You need ensure that the file contains ONLY the samples in the genotype file and no more. Otherwise the concatenated alleles won’t match the header. To filter the samples you can use bcftools:

cut -d' ' -f1 resources/hla_diversity.txt | tail -n +2 | tr -d '"' | uniq > samples_id.txt
bcftools view --force-samples -S samples_id.txt test.vcf > filtered.vcf

from_vcf

Converts from vcf to a genotype table. This command is useful to convert the results of HLA imputation tools (e.g., SNP2HLA, HLA-TAPAS) to a genotype table that can be used in other tools.

altools format from_vcf only_hla.vcf --phe input.phe --out output.pyhla
Input

A vcf The vcf file should be filtered to contain only the HLA genes. You can use bcftools to do this.

bcftools view --include 'ID~"HLA"' raw_imputed.vcf > only_hla.vcf
–phe:

Additionally, a phenotype file can be provided. This file should follow the .phe format of plink files. The first column is the sample ID and the second column is the phenotype (0/1 for case/control). The sample IDs must match those in the vcf file.

Output

A .pyhla file compatible with pyHLA and PyPop will be generated.

allele_resolution

Truncate allele resolutions to a uniform level. This is specially useful prior to association analyses. Below are some examples of how alleles are normalized at different resolutions.

- resolution 1:
    - 01:01 -> 01
    - 02:03 -> 02
- resolution 2:
    - 01:01 -> 01:01
    - 02:03:01 -> 02:03
- resolution 3:
    - 01:01 -> NA
    - 02:03:01:01 -> 02:03:01
altools format allele_resolution input.alt --resolution 3
Input

An allele table (.alt).

Output

An allele table (.alt) with normalized allele resolutions.

from_ikmb

Generates a consensus HLA genotype from the result of many HLA genotyping algorithms. It is tailored to process reports from the ikmb HLA genotyping pipeline.

altools format from_ikmb --input "IKMB_Reports/*.json" \
    --output "output.txt" \
    --format pyhla

Note

For more information about the consensus algorithm, see Consensus from multiple genotypes.

Input

Multiple json files follow the format of reports generated by the ikmb HLA genotyping pipeline. These report files should be in a folder called IKMB_Reports/ in a json format.

Output

An allele table (.alt) file will be generated containing the consensus genotype for each sample. The default output name is output.alt.

from_ukb

Converts the imputed HLA data from the UK Biobank to allele table (.alt).

altools format from_ukb --phenotype file.pheno input.alt
Input

The input file is a tab-separated file containing the imputed HLA data from the UK Biobank.

–phenotype:

Additionally, a phenotype file can be provided. This file should follow the .phe format of plink files. The first column is the sample ID and the second column is the phenotype (0/1 for case/control). The sample IDs must match those in the input file.

Output

An allele table (.alt) file will be generated containing the genotype for each sample. The default output name is output.alt.

from_kirmapper

Converts the KIR genotyping results from KIR-mapper to allele table (.alt).

altools format from_kirmapper kir_results.tsv --output output.alt
Input

glob pattern to the report files generated by KIR-mapper.

–phenotype:

Additionally, a phenotype file can be provided. This file should follow the .phe format of plink files. The first column is the sample ID and the second column is the phenotype (0/1 for case/control). The sample IDs must match those in the input file.

–remove_pheno_zero:

If this flag is set, samples with phenotype 0 will be removed from the output file.

Output

An allele table (.alt) file will be generated containing the genotype for each sample. The default output name is output.alt.

from_immuanot

Converts the HLA genotyping results from Immuannot to allele table (.alt).

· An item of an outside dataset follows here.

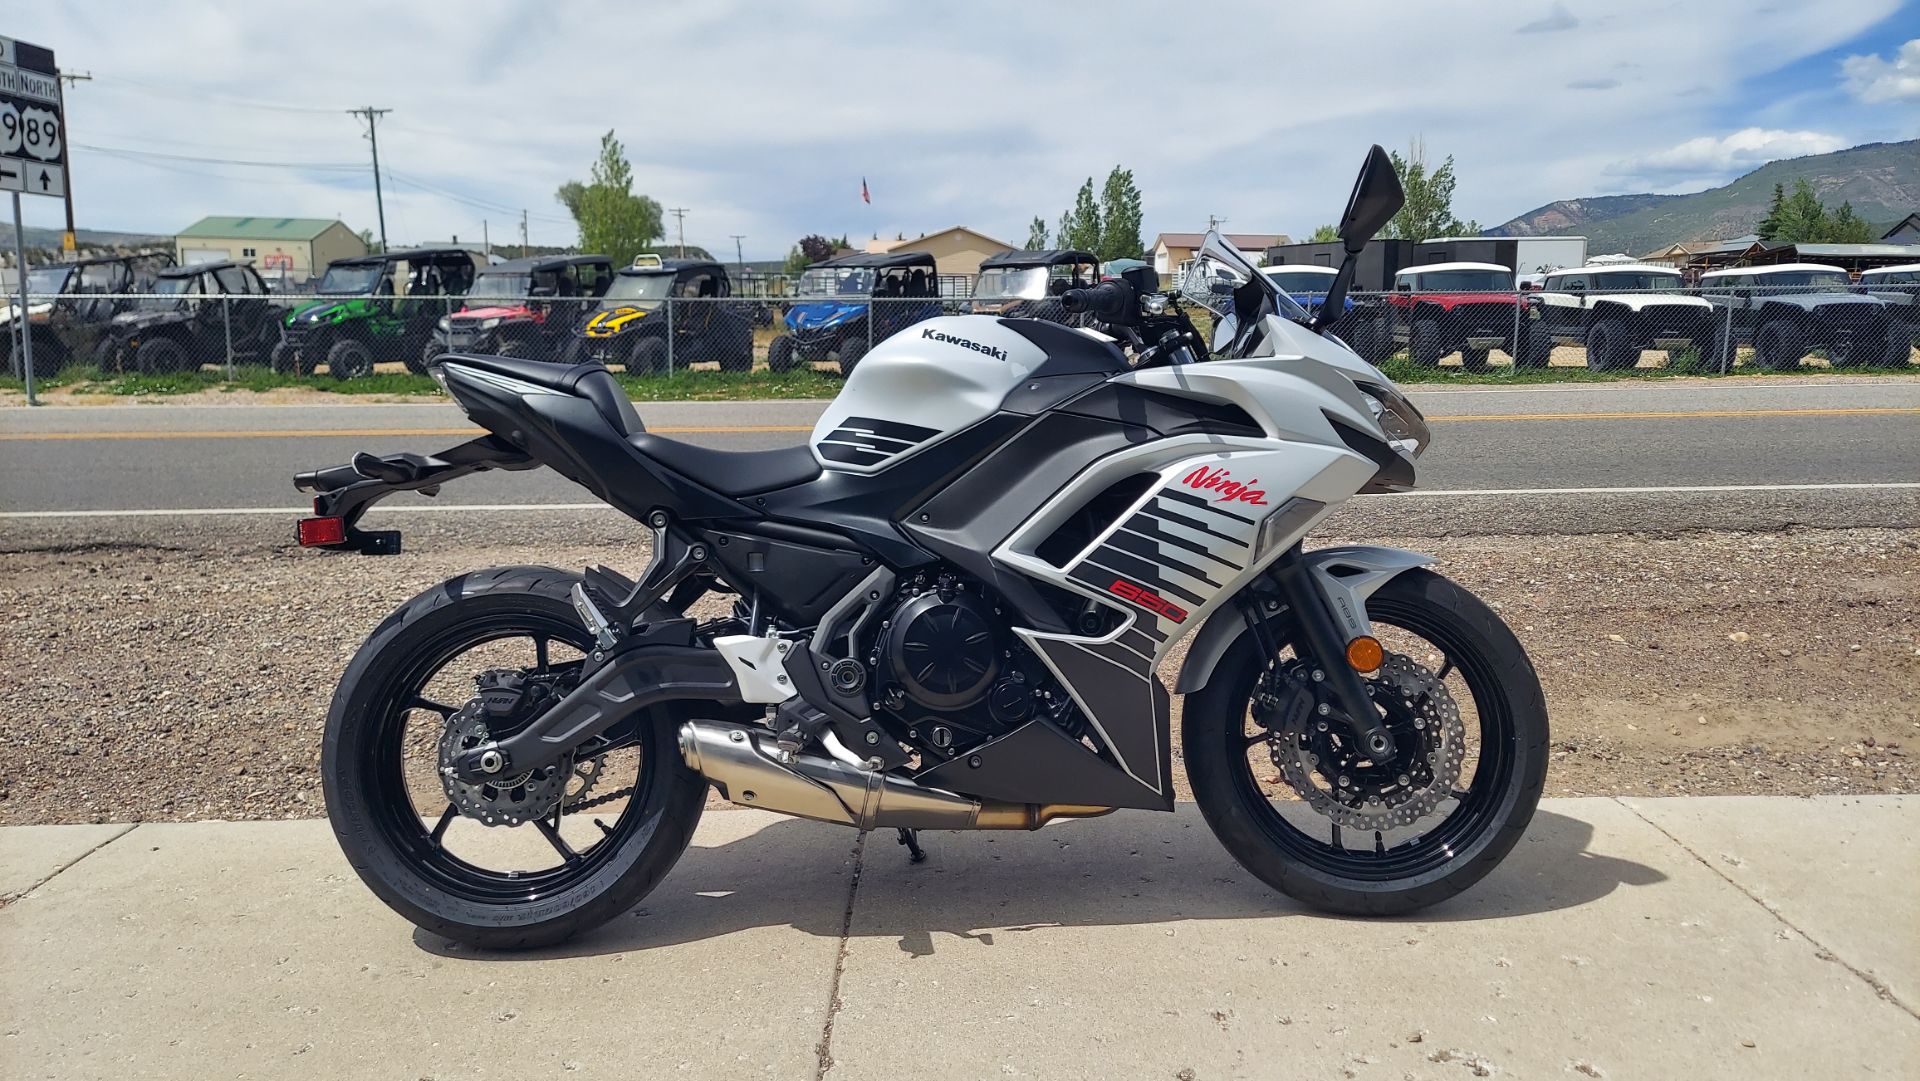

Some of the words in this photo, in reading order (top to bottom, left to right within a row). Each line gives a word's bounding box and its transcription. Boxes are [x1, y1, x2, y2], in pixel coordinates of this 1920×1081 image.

altools format from_immuanot immuanot_results.tsv --output output.alt
Input

The report file generated by Immuannot.

Output

An allele table (.alt) file will be generated containing the genotype for each sample. The default output name is output.alt.

hla_group

Group HLA alleles by either p-group or g-group.

altools format hla_group input.alt --group pgroup --output output.alt
Input

An allele table (.alt) file containing HLA alleles.

Output

An allele table (.alt) file with grouped HLA alleles.